From the first line to the last, return the data exactly, with no pictures.

Input data
========================================================================
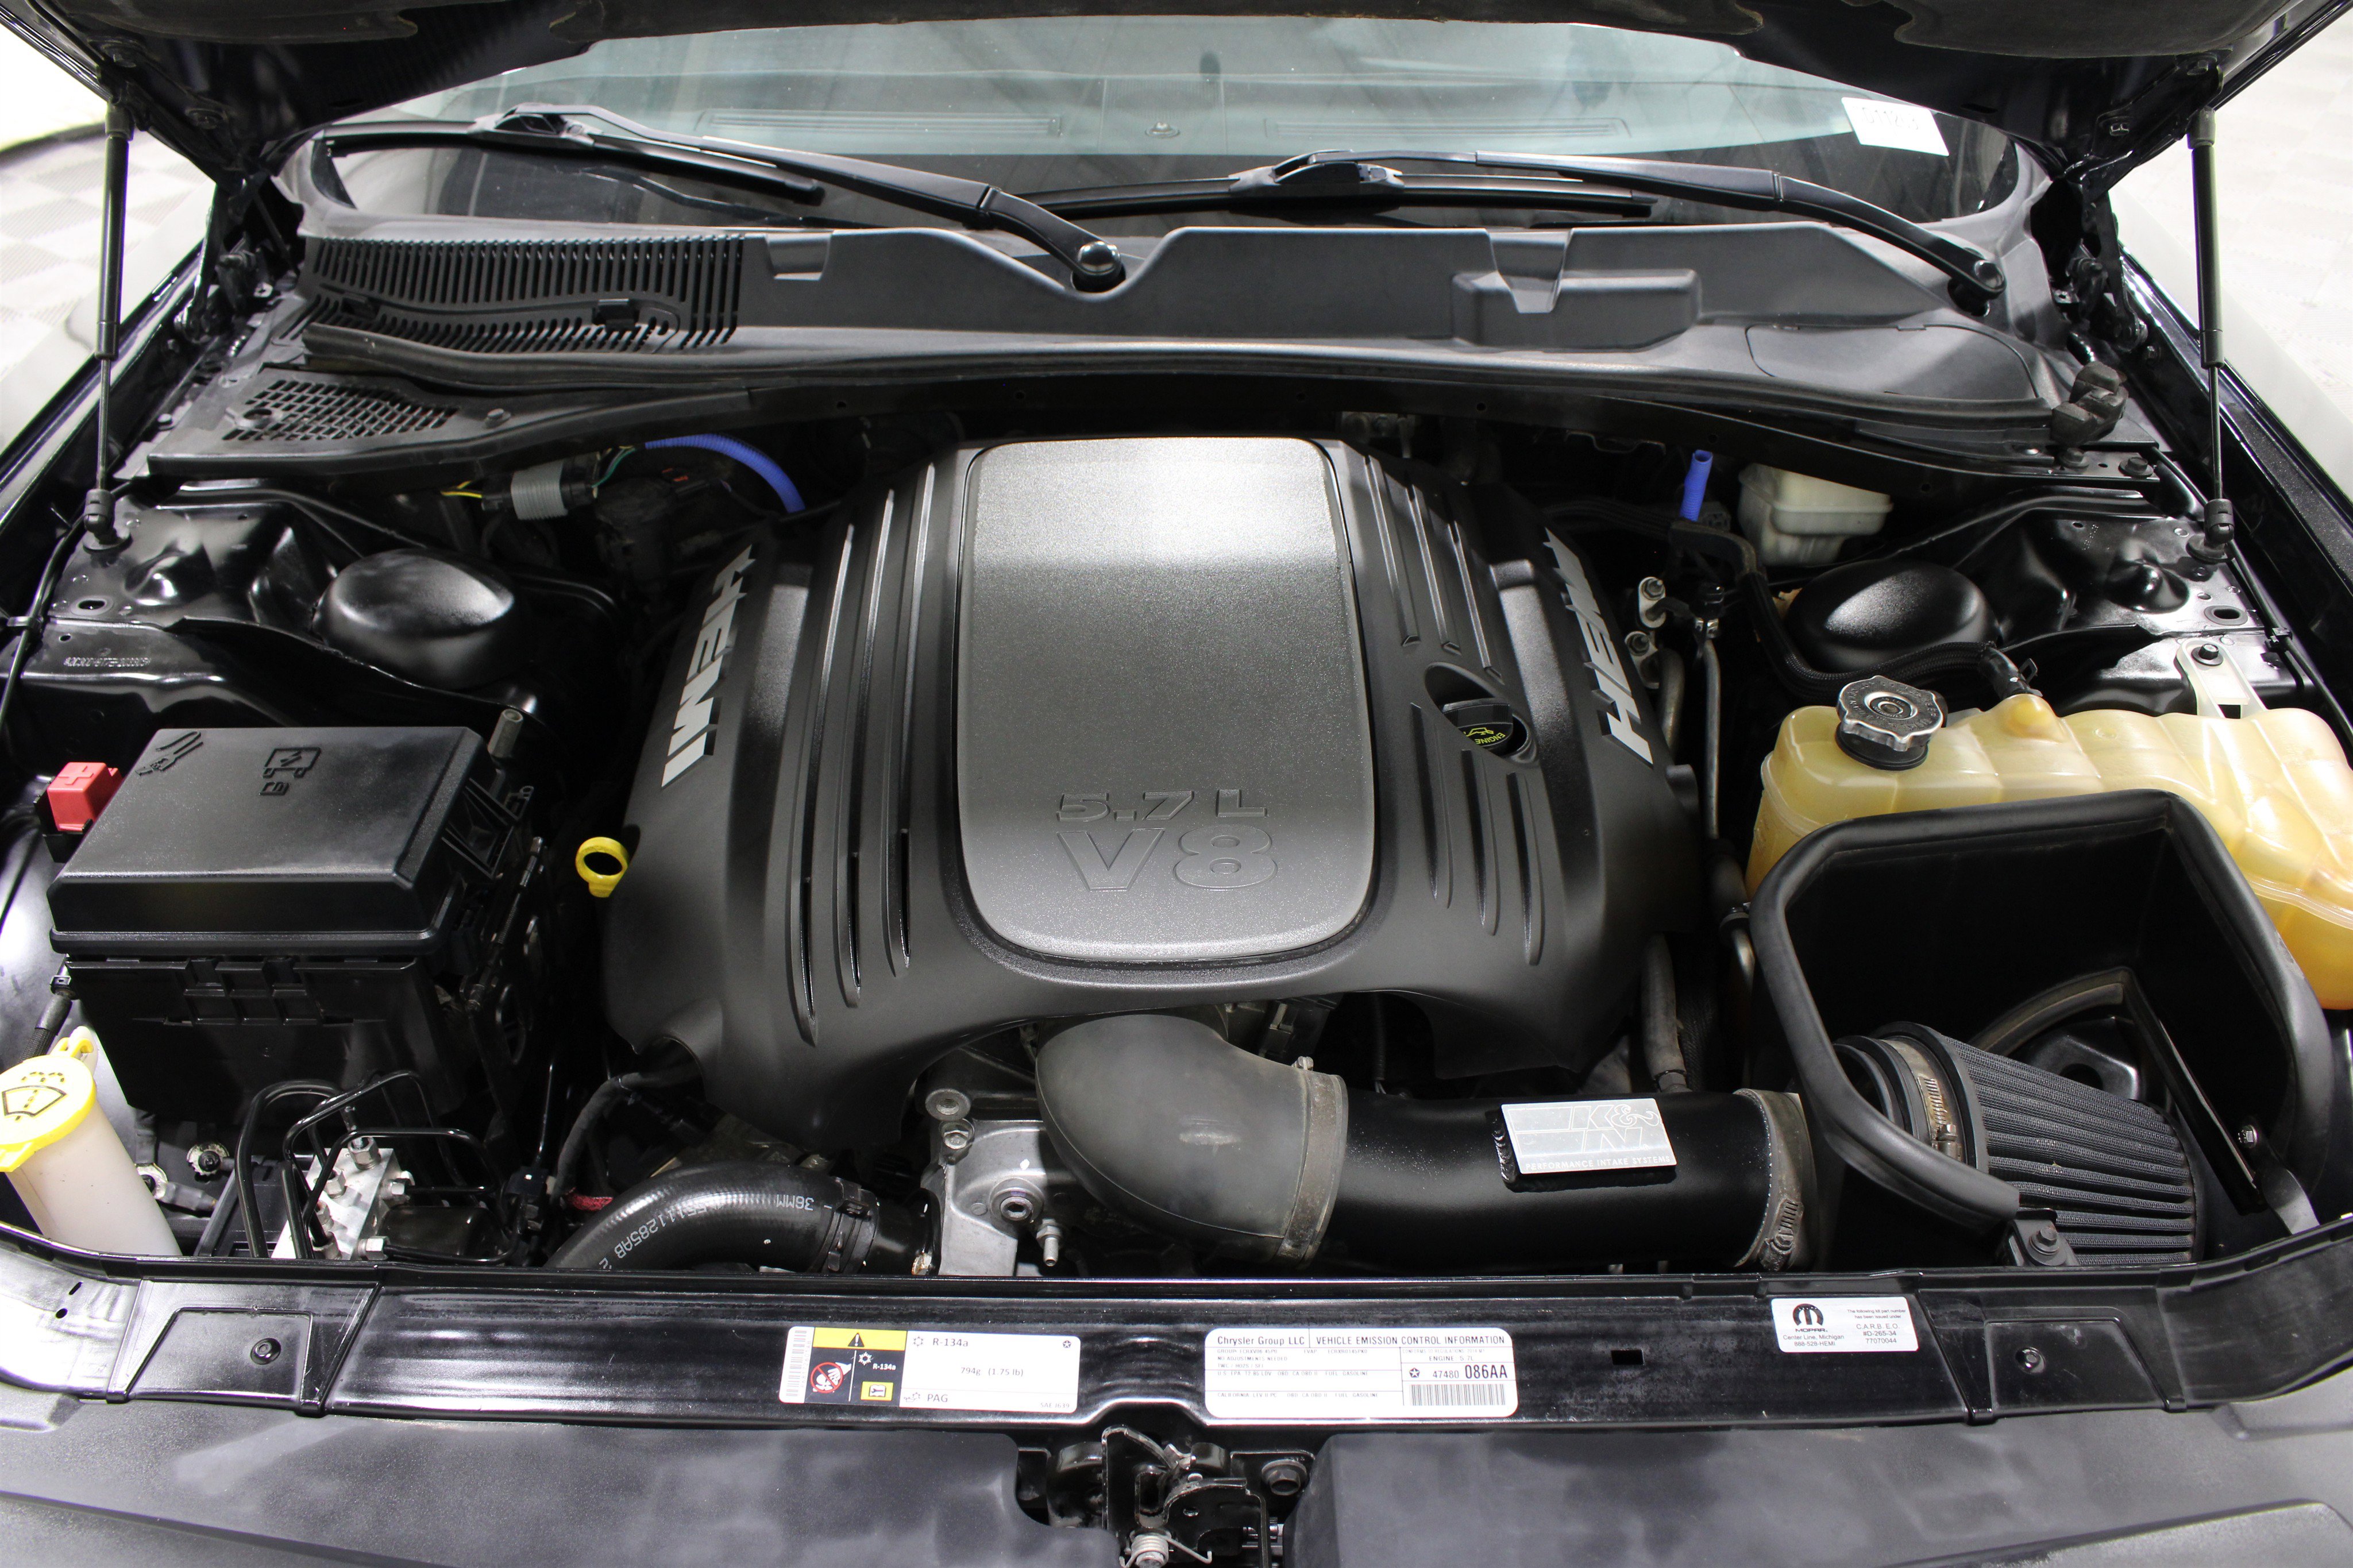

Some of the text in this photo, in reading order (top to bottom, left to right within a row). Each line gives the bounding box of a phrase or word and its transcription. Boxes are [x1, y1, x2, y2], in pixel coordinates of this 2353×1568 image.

[661, 544, 756, 788] HEMI
[1475, 732, 1506, 745] ENGINE
[1056, 824, 1278, 892] V8
[1525, 1155, 1671, 1171] PERFORMANCE INTAKE SYSTEMS
[932, 1337, 969, 1347] R-134a
[1217, 1335, 1305, 1346] Chrysler Group LLC
[1316, 1335, 1505, 1345] VEHICLE EMISSION CONTROL INFORMATION
[873, 1362, 897, 1371] R-134a
[960, 1366, 1024, 1377] 794g (1.75 lb)
[1432, 1364, 1509, 1380] 47480 086AA
[927, 1393, 948, 1403] PAG
========================================================================
Written solution
Some of the text in this photo, in reading order (top to bottom, left to right within a row). Each line gives the bounding box of a phrase or word and its transcription. Boxes are [x1, y1, x2, y2], in pixel coordinates of this 2353×1568 image.

[661, 544, 756, 788] HEMI
[1475, 732, 1506, 745] ENGINE
[1056, 824, 1278, 892] V8
[1525, 1155, 1671, 1171] PERFORMANCE INTAKE SYSTEMS
[932, 1337, 969, 1347] R-134a
[1217, 1335, 1305, 1346] Chrysler Group LLC
[1316, 1335, 1505, 1345] VEHICLE EMISSION CONTROL INFORMATION
[873, 1362, 897, 1371] R-134a
[960, 1366, 1024, 1377] 794g (1.75 lb)
[1432, 1364, 1509, 1380] 47480 086AA
[927, 1393, 948, 1403] PAG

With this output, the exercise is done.